• **Work request**
Nothing but an exact copy of the listing should be given.

_____

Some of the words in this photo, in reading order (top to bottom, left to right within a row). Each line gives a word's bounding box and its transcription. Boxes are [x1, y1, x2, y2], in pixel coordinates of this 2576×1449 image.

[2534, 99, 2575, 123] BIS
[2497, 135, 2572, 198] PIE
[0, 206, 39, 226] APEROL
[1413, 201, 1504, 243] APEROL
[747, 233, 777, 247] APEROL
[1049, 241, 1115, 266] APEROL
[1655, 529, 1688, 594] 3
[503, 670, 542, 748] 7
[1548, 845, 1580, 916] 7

_____

• **Answer**
Some of the words in this photo, in reading order (top to bottom, left to right within a row). Each line gives a word's bounding box and its transcription. Boxes are [x1, y1, x2, y2], in pixel coordinates of this 2576×1449 image.

[2534, 99, 2575, 123] BIS
[2497, 135, 2572, 198] PIE
[0, 206, 39, 226] APEROL
[1413, 201, 1504, 243] APEROL
[747, 233, 777, 247] APEROL
[1049, 241, 1115, 266] APEROL
[1655, 529, 1688, 594] 3
[503, 670, 542, 748] 7
[1548, 845, 1580, 916] 7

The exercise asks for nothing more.